O jornalista João P. P., de 36 anos, e Thiago C. A., 33 anos, foram presos pela Polícia Militar no dia do crime, madrugada de segunda-feira (06.12.2021), por suspeita de envolvimento na morte da jovem Monalisa, em um apartamento, localizado no bairro Embratel, zona Norte de Porto Velho. 

Na versão dos presos, a vítima se matou. Laudo preliminar do IML aponta que a jovem foi estrangulada e tinha uma série de escoriações pelo corpo. Os dois amigos tiveram a prisão confirmada pelo delegado plantonista, e encontram-se presos. Ela era companheira de Thiago e a PM registrou o caso como Feminicídio.

Segundo a Polícia, as brigas do casal eram constantes e que mesmo nesse momento não sendo possível definir a participação de cada um, devem responder no limite de suas responsabilidades, que serão apuradas. 

De acordo com a ocorrência 189509/2021, a PM foi acionada na unidade fixa do Samu para averiguar possível suicídio de Monalisa, levada ao local pelos suspeitos, que alegaram ter encontrado a mulher com fio enrolado no pescoço.

Questionado pelos policiais, Thiago informou que os três estavam bebendo em um bar nas proximidades, quando decidiram ir embora.
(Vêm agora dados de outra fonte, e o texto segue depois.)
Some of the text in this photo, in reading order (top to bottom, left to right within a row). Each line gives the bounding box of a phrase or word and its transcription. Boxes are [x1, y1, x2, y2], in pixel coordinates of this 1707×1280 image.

O casal foi para o apartamento. João afirmou aos policiais que momentos depois recebeu mensagem da vítima, pedindo para se dirigir ao local. No apartamento ele disse que testemunhou uma intensa discussão e viu Monalisa quebrar uma garrafa e ficou segurando o gargalo.
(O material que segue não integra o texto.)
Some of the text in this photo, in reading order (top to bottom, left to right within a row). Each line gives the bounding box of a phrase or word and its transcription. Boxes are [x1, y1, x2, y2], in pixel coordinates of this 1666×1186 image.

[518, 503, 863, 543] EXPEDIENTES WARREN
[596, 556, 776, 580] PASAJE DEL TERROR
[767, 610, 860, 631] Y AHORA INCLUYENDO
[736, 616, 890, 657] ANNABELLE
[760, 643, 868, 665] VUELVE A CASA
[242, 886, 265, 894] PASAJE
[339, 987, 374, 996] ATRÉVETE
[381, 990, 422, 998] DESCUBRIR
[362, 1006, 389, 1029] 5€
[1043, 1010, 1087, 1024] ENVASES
Ele e Thiago então saíram do apartamento. Após trinta minutos, os dois relataram que retornaram ao local e encontraram Monalisa caída no chão e com um fio enrolado no pescoço. Aos policiais, eles disseram que tiraram o fio do pescoço da vítima, a colocaram em um carro, socorreram Monalisa até a SAMU, mas a mulher já estava sem vida, conforme relatos do médico que prestou atendimento.

Testemunha ouviu pedidos de socorro. Ouvida por policiais militares ainda no local da ocorrência, uma testemunha contou outra versão. Disse que ouviu a vítima pedindo socorro e que os dois suspeitos estavam dentro do apartamento.

A testemunha garante que não viu João Paulo e Thiago saindo do apartamento antes como alegaram e minutos depois avistou quando a dupla saiu com a mulher desacordada.

A Polícia Militar deu voz de prisão e encaminhou os dois para o Departamento de Flagrantes, onde ficaram à disposição da justiça.